▼
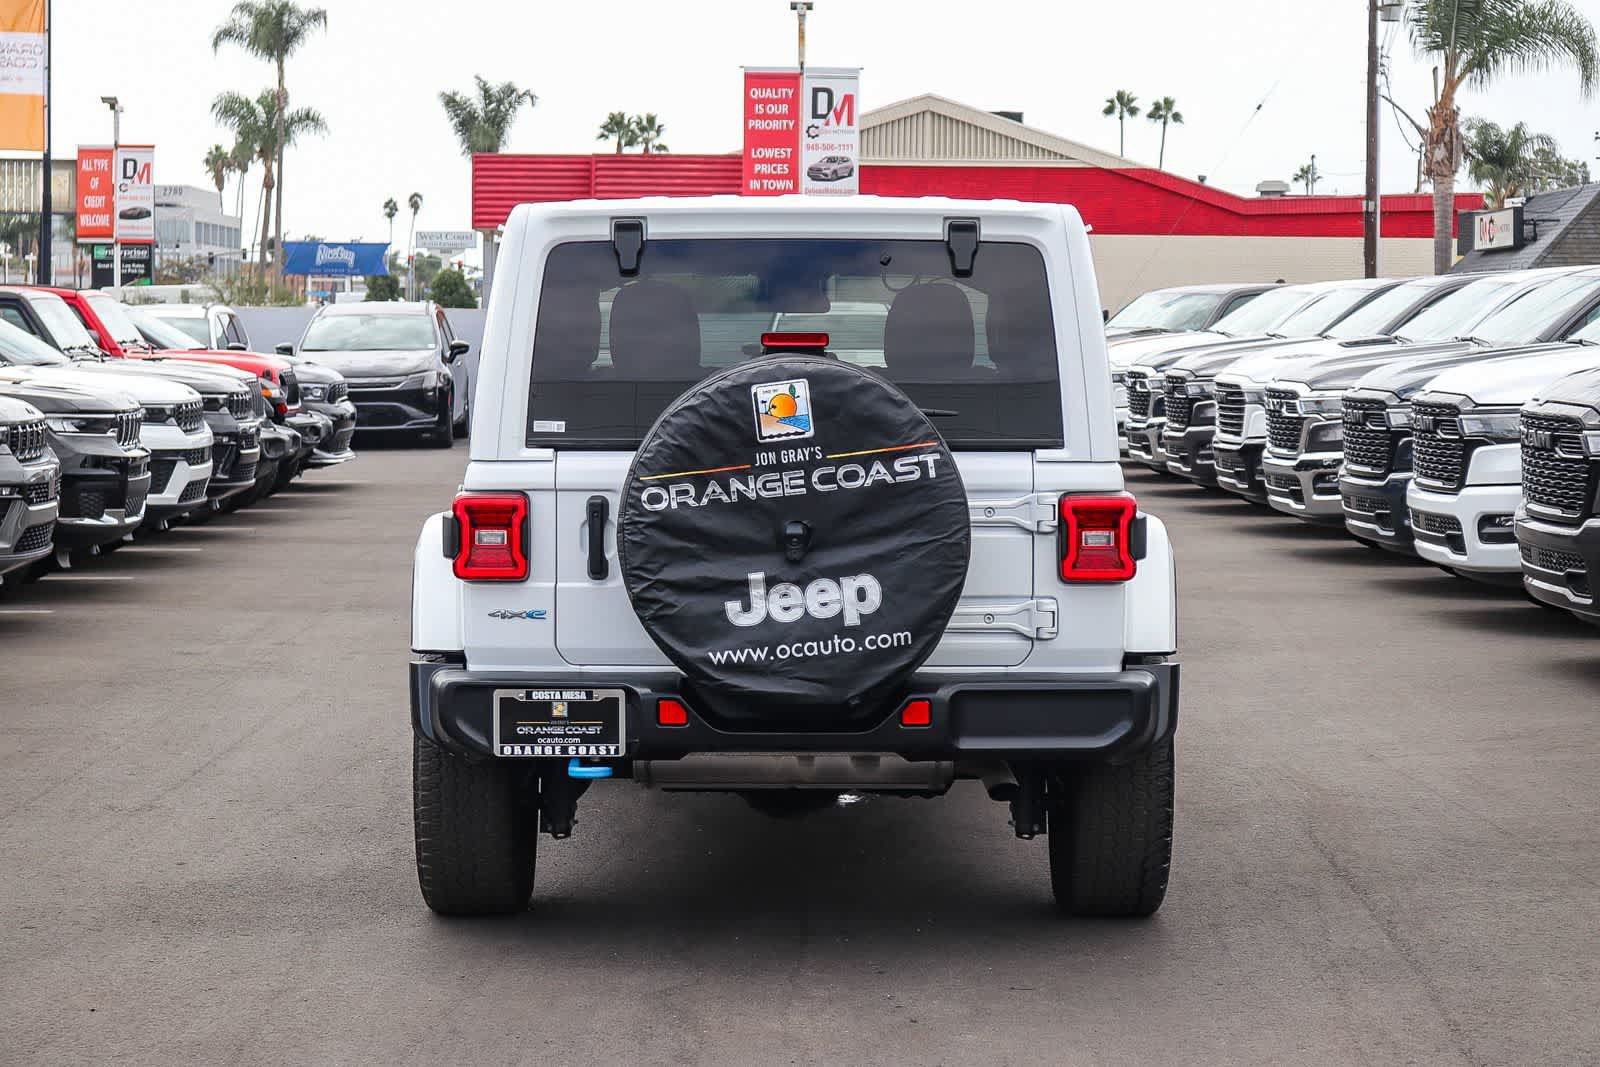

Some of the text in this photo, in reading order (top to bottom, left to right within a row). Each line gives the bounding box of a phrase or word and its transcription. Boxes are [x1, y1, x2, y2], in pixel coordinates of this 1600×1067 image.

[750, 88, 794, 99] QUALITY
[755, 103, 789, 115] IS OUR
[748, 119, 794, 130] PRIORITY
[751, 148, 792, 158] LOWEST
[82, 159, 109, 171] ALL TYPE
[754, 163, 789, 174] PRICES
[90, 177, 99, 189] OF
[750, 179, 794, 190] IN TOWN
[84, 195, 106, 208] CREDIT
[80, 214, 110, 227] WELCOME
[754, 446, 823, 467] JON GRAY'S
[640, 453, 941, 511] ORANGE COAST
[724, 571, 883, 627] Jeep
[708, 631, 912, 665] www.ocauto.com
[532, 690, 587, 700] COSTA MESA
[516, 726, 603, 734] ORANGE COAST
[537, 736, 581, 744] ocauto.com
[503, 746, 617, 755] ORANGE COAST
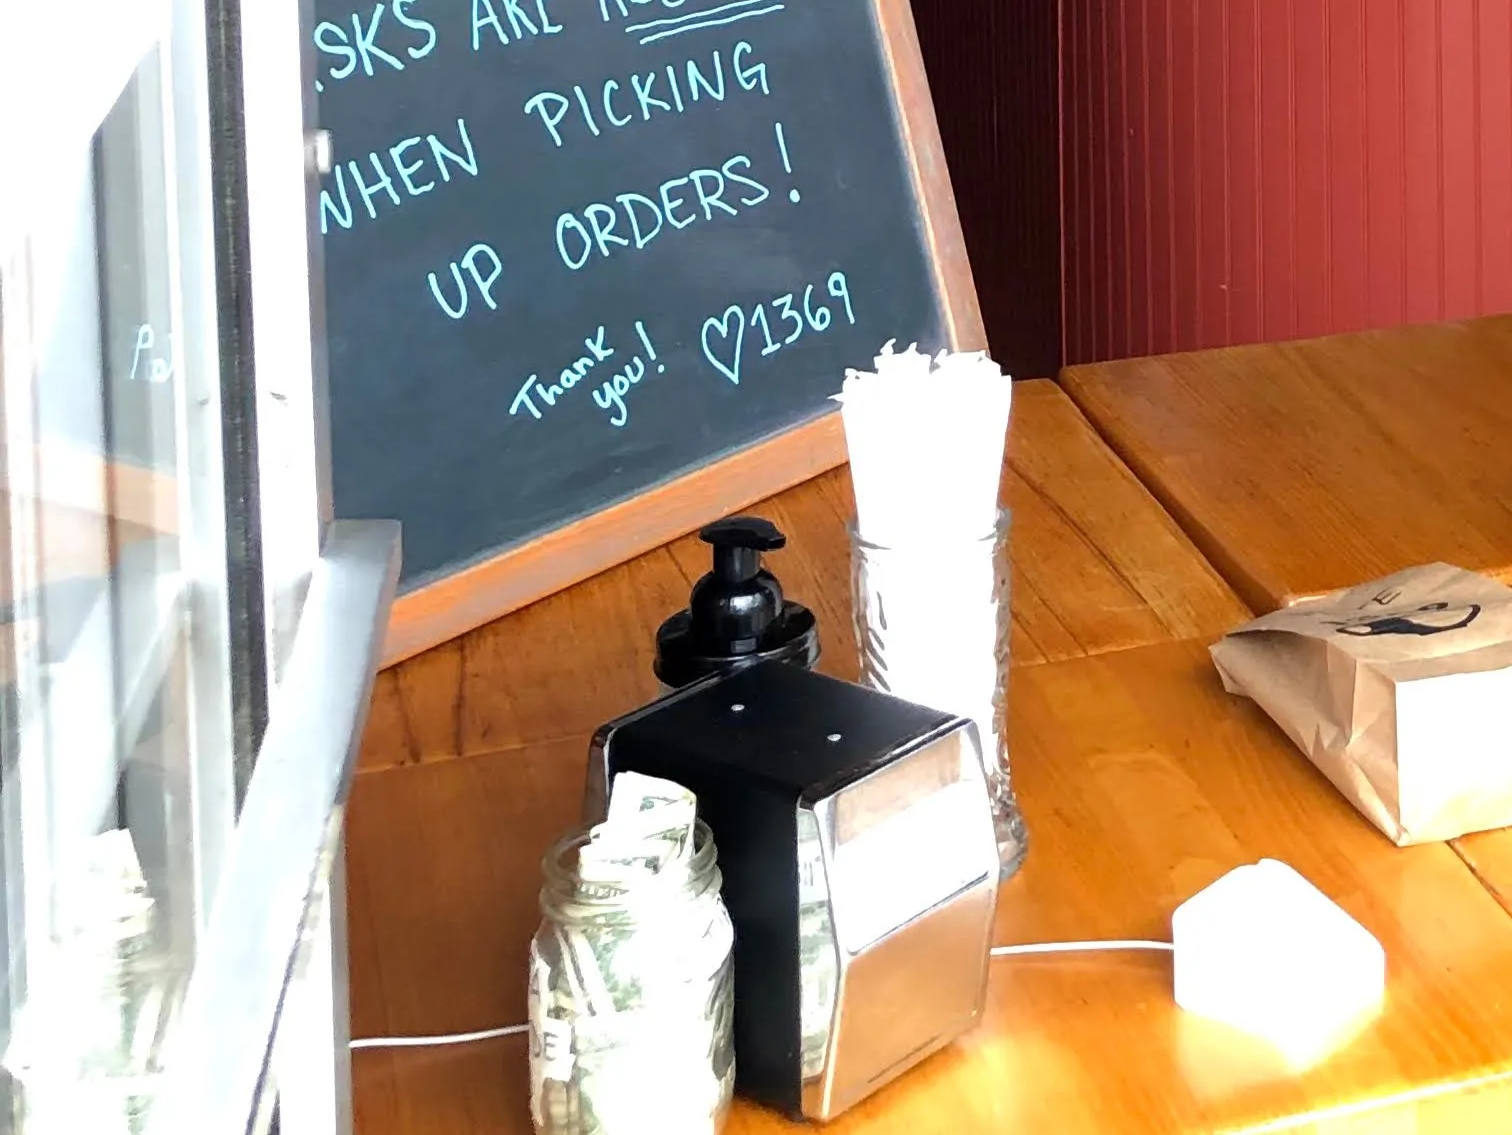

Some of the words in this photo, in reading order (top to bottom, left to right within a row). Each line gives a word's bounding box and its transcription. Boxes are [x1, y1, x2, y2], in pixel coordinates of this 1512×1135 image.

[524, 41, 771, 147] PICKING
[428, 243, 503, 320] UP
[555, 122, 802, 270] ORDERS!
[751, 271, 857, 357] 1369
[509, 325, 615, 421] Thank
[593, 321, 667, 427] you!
▲
=== YOUR TASK ===
Every entry should be repeated verbatim, with the pictures left out.

=== OUTPUT BELOW ===
Some of the text in this photo, in reading order (top to bottom, left to right within a row). Each line gives the bounding box of a phrase or word and its transcription. Boxes are [x1, y1, x2, y2], in pixel coordinates of this 1600×1067 image.

[750, 88, 794, 99] QUALITY
[755, 103, 789, 115] IS OUR
[748, 119, 794, 130] PRIORITY
[751, 148, 792, 158] LOWEST
[82, 159, 109, 171] ALL TYPE
[754, 163, 789, 174] PRICES
[90, 177, 99, 189] OF
[750, 179, 794, 190] IN TOWN
[84, 195, 106, 208] CREDIT
[80, 214, 110, 227] WELCOME
[754, 446, 823, 467] JON GRAY'S
[640, 453, 941, 511] ORANGE COAST
[724, 571, 883, 627] Jeep
[708, 631, 912, 665] www.ocauto.com
[532, 690, 587, 700] COSTA MESA
[516, 726, 603, 734] ORANGE COAST
[537, 736, 581, 744] ocauto.com
[503, 746, 617, 755] ORANGE COAST

Some of the words in this photo, in reading order (top to bottom, left to right within a row). Each line gives a word's bounding box and its transcription. Boxes are [x1, y1, x2, y2], in pixel coordinates of this 1512×1135 image.

[524, 41, 771, 147] PICKING
[428, 243, 503, 320] UP
[555, 122, 802, 270] ORDERS!
[751, 271, 857, 357] 1369
[509, 325, 615, 421] Thank
[593, 321, 667, 427] you!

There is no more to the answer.